[[ Information supplied, beginning ]]
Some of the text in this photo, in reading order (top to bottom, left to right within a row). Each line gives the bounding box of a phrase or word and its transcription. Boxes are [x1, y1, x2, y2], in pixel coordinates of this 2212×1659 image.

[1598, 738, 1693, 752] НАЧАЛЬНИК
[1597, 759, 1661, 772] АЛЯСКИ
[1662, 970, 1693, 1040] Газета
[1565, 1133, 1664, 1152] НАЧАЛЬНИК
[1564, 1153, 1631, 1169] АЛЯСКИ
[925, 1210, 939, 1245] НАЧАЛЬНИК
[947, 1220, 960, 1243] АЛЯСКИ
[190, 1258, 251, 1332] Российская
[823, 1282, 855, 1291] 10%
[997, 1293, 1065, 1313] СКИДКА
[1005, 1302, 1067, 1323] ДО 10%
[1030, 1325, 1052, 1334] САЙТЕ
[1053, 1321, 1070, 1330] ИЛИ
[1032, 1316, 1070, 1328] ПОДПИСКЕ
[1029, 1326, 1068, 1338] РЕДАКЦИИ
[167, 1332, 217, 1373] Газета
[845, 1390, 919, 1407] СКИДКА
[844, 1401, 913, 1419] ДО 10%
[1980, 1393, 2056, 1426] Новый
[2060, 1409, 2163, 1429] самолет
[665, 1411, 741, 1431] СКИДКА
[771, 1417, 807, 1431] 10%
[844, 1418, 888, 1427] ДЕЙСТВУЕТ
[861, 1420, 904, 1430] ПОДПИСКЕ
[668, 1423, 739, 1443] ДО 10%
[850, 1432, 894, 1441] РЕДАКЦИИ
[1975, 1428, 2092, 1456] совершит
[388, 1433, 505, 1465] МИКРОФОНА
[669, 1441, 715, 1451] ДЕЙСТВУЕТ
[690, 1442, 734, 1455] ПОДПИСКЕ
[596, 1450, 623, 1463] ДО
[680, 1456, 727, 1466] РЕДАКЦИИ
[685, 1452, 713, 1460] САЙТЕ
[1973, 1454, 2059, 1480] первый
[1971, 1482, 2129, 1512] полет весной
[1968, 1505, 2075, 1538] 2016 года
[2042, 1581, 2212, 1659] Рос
[[ Information supplied, end ]]
→ **To do**
Filter the data for the string "АЛЯСКИ". Copy each matching line.

→ **Written reply**
[1597, 759, 1661, 772] АЛЯСКИ
[1564, 1153, 1631, 1169] АЛЯСКИ
[947, 1220, 960, 1243] АЛЯСКИ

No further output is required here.